[Start of section]
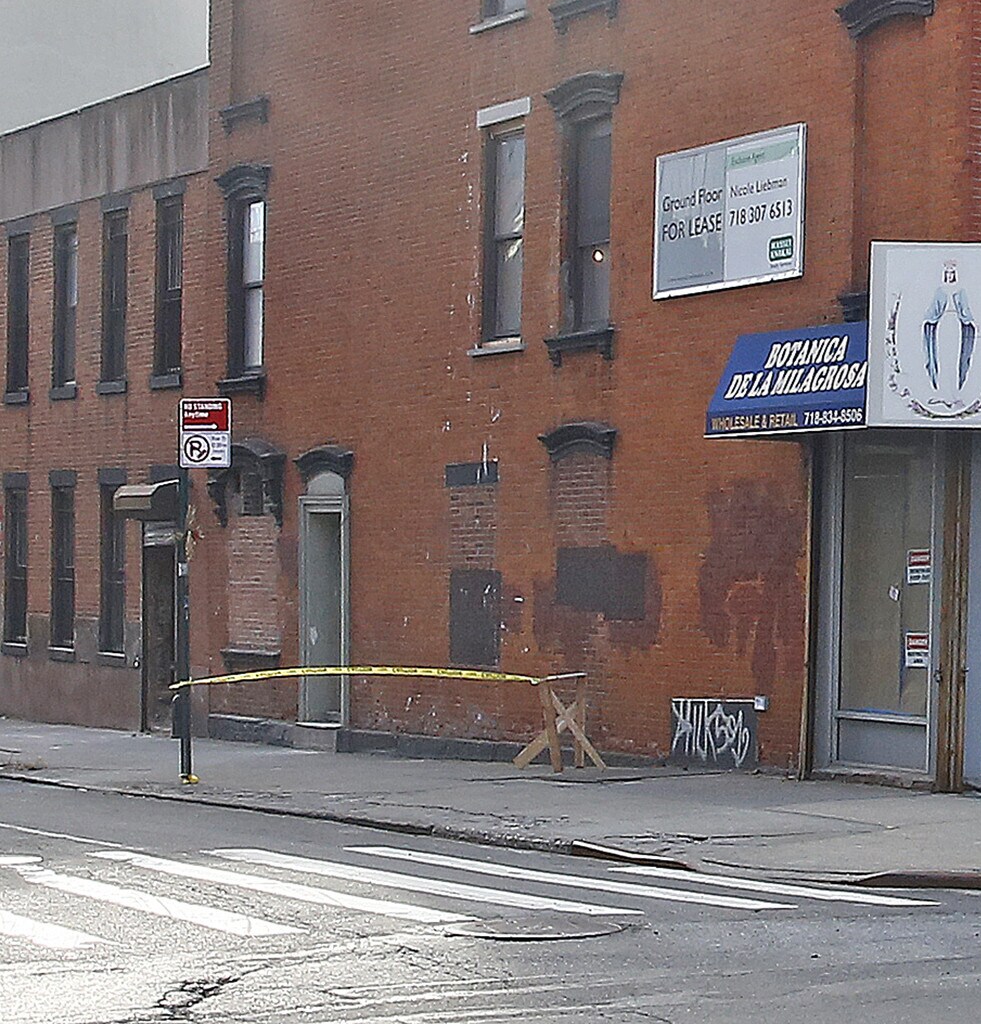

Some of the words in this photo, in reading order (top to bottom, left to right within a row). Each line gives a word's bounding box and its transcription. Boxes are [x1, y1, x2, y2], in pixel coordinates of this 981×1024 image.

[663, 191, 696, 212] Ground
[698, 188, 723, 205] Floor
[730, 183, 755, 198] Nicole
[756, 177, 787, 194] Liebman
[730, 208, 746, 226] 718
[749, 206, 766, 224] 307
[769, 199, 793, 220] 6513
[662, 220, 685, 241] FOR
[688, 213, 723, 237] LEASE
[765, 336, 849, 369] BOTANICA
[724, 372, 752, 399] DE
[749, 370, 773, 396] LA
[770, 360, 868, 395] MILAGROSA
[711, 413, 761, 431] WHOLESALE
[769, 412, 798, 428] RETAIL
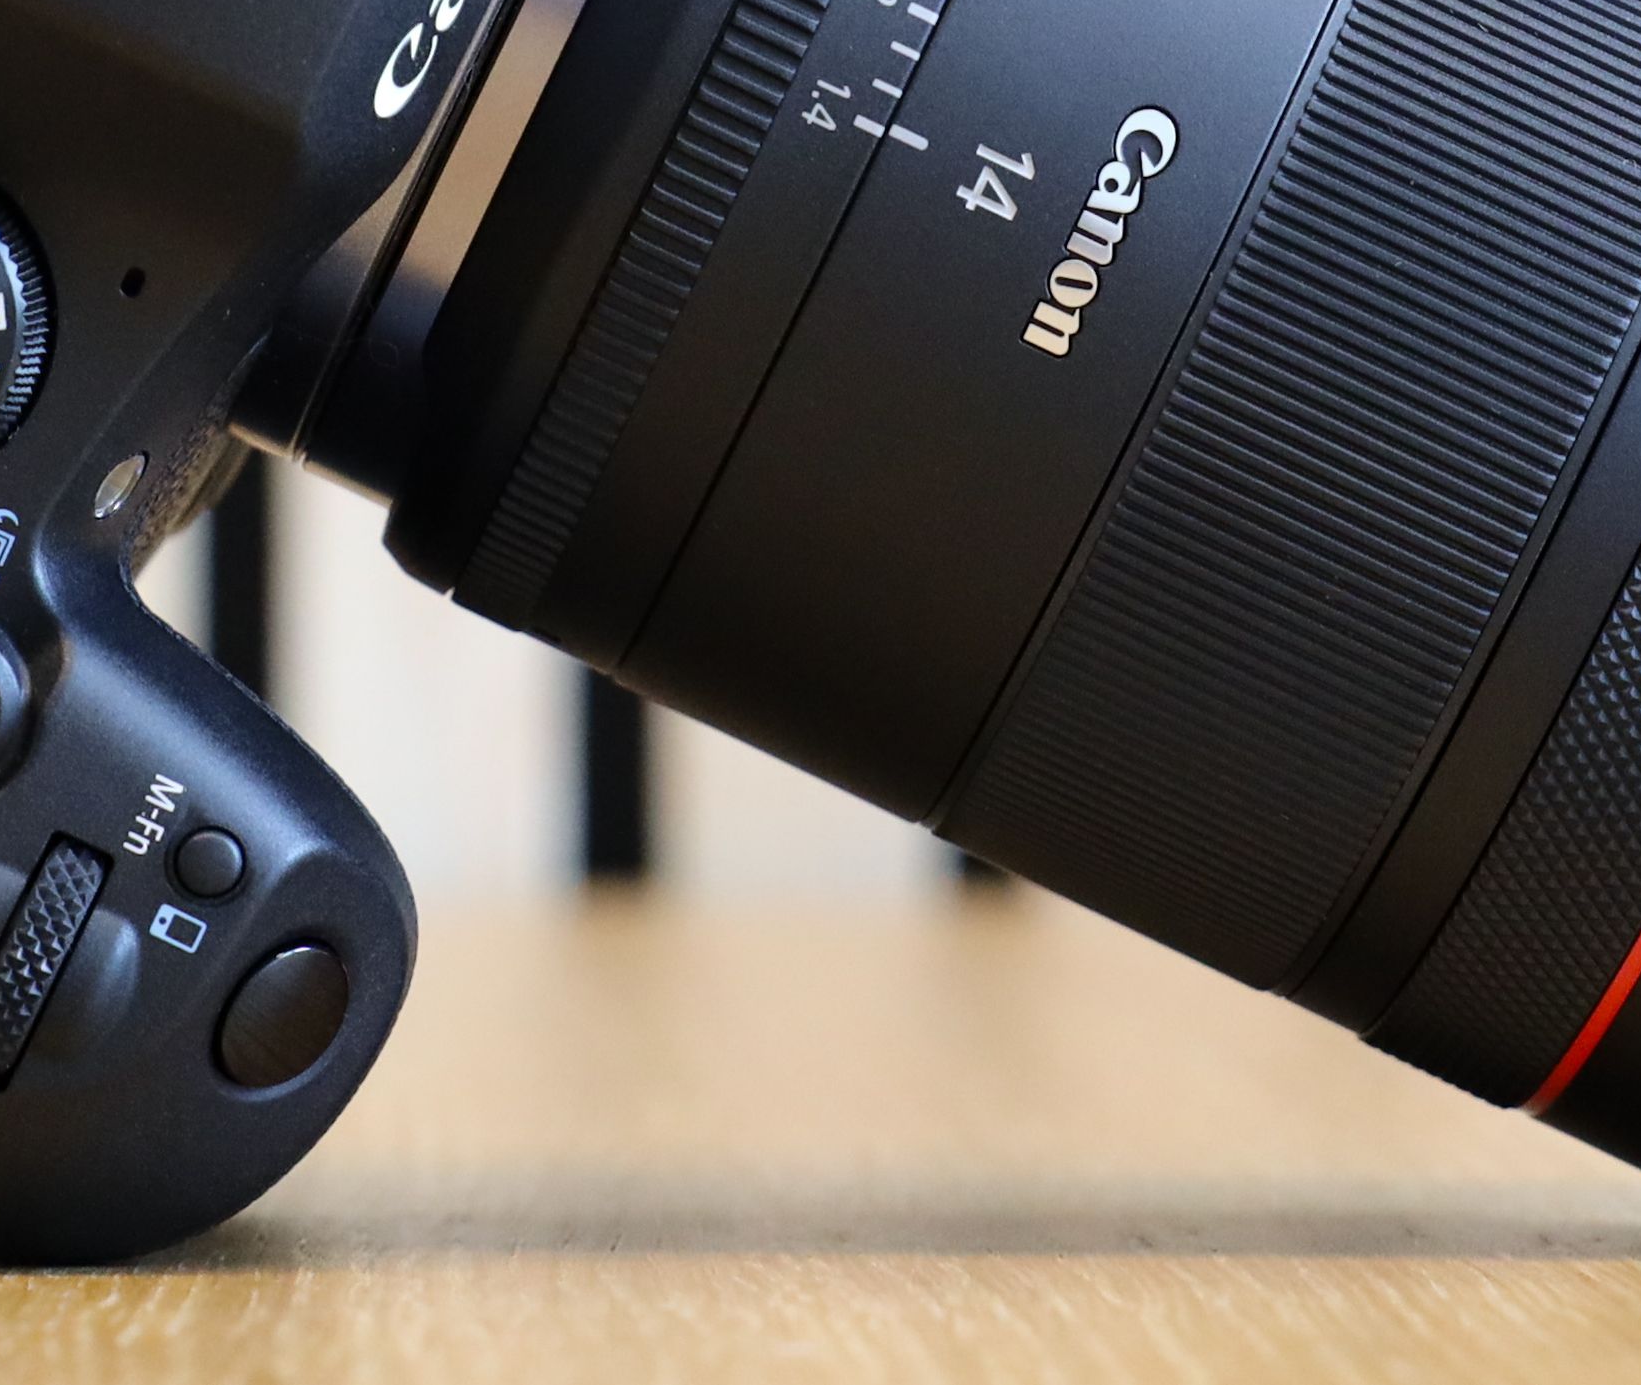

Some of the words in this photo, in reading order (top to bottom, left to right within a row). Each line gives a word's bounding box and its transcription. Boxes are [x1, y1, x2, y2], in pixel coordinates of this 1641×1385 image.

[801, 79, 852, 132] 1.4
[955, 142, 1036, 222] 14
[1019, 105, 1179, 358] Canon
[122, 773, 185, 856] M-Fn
[End of section]
The answer is the entries above, given again exactly, with no pictures among them.

Some of the words in this photo, in reading order (top to bottom, left to right within a row). Each line gives a word's bounding box and its transcription. Boxes are [x1, y1, x2, y2], in pixel coordinates of this 981×1024 image.

[663, 191, 696, 212] Ground
[698, 188, 723, 205] Floor
[730, 183, 755, 198] Nicole
[756, 177, 787, 194] Liebman
[730, 208, 746, 226] 718
[749, 206, 766, 224] 307
[769, 199, 793, 220] 6513
[662, 220, 685, 241] FOR
[688, 213, 723, 237] LEASE
[765, 336, 849, 369] BOTANICA
[724, 372, 752, 399] DE
[749, 370, 773, 396] LA
[770, 360, 868, 395] MILAGROSA
[711, 413, 761, 431] WHOLESALE
[769, 412, 798, 428] RETAIL

Some of the words in this photo, in reading order (top to bottom, left to right within a row). Each line gives a word's bounding box and its transcription. Boxes are [x1, y1, x2, y2], in pixel coordinates of this 1641×1385 image.

[801, 79, 852, 132] 1.4
[955, 142, 1036, 222] 14
[1019, 105, 1179, 358] Canon
[122, 773, 185, 856] M-Fn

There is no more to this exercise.